Your task: Return all the entries word for word, minus the pictures.

────────

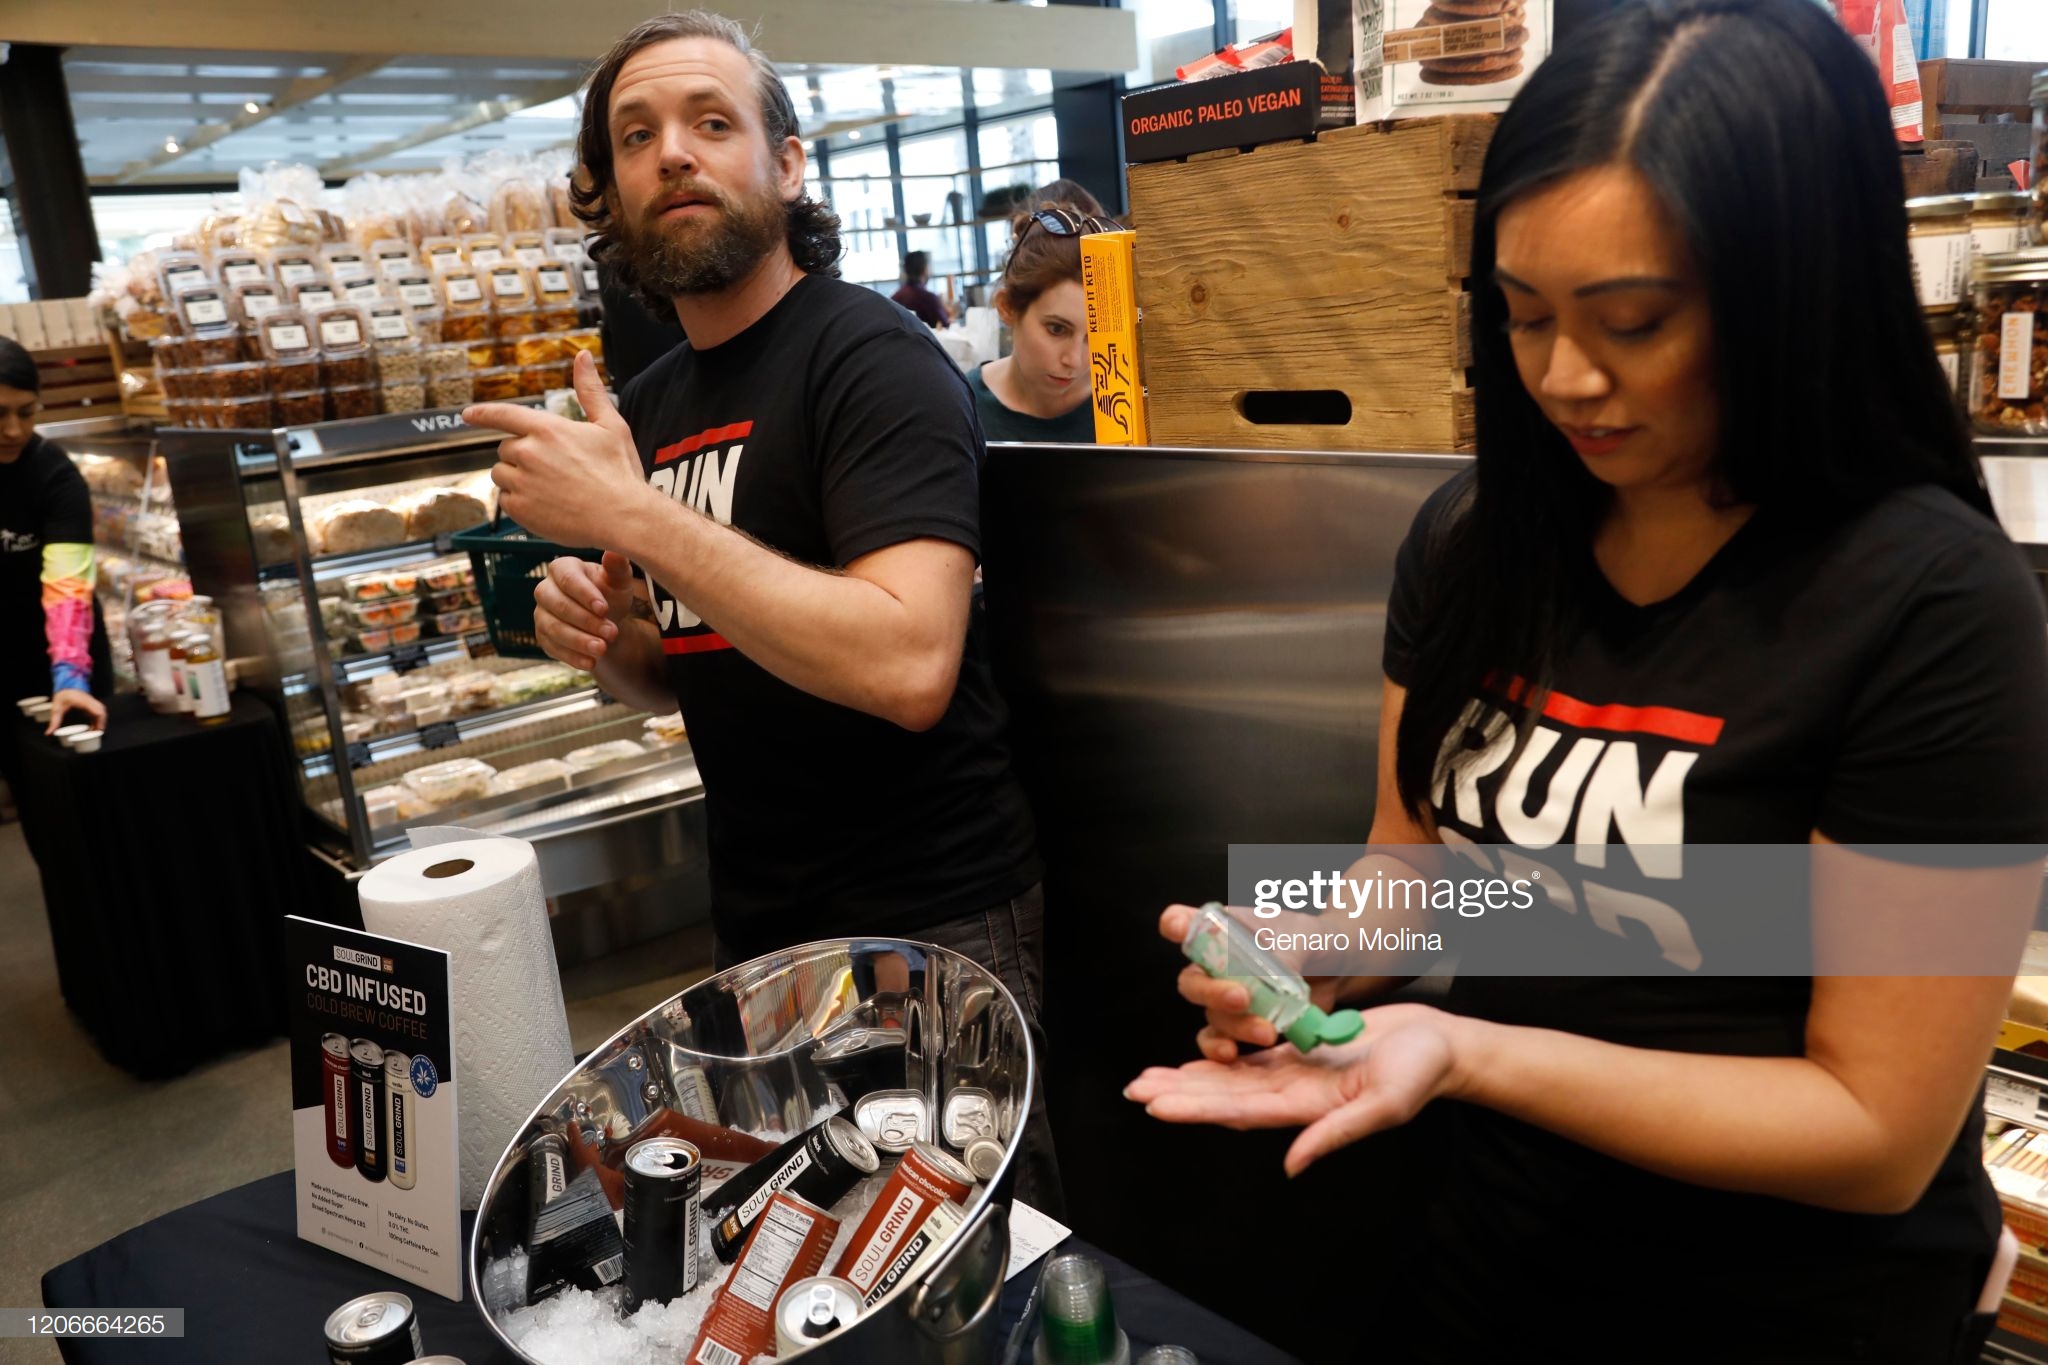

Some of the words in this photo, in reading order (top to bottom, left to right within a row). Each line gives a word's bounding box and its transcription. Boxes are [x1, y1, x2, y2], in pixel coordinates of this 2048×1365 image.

[1131, 108, 1193, 135] ORGANIC
[1198, 100, 1243, 123] PALEO
[1247, 88, 1301, 113] VEGAN
[1083, 255, 1093, 287] KETO
[1086, 290, 1095, 301] IT
[1088, 304, 1098, 333] KEEP
[411, 412, 466, 433] WRA
[1432, 698, 1699, 879] RUN
[336, 947, 379, 968] SOULGRIND
[306, 963, 342, 994] CBD
[346, 973, 427, 1016] INFUSED
[307, 992, 338, 1014] COLD
[340, 1000, 376, 1025] BREW
[378, 1011, 428, 1040] COFFEE
[552, 1157, 562, 1193] GRIND
[741, 1153, 804, 1219] SOULGRIND
[919, 1176, 951, 1200] chocolate
[688, 1200, 698, 1285] SOULGRIND
[855, 1196, 914, 1282] SOULGRIND
[865, 1237, 924, 1310] OULGRIND

────────

Task answer:
Some of the words in this photo, in reading order (top to bottom, left to right within a row). Each line gives a word's bounding box and its transcription. Boxes are [x1, y1, x2, y2], in pixel coordinates of this 2048×1365 image.

[1131, 108, 1193, 135] ORGANIC
[1198, 100, 1243, 123] PALEO
[1247, 88, 1301, 113] VEGAN
[1083, 255, 1093, 287] KETO
[1086, 290, 1095, 301] IT
[1088, 304, 1098, 333] KEEP
[411, 412, 466, 433] WRA
[1432, 698, 1699, 879] RUN
[336, 947, 379, 968] SOULGRIND
[306, 963, 342, 994] CBD
[346, 973, 427, 1016] INFUSED
[307, 992, 338, 1014] COLD
[340, 1000, 376, 1025] BREW
[378, 1011, 428, 1040] COFFEE
[552, 1157, 562, 1193] GRIND
[741, 1153, 804, 1219] SOULGRIND
[919, 1176, 951, 1200] chocolate
[688, 1200, 698, 1285] SOULGRIND
[855, 1196, 914, 1282] SOULGRIND
[865, 1237, 924, 1310] OULGRIND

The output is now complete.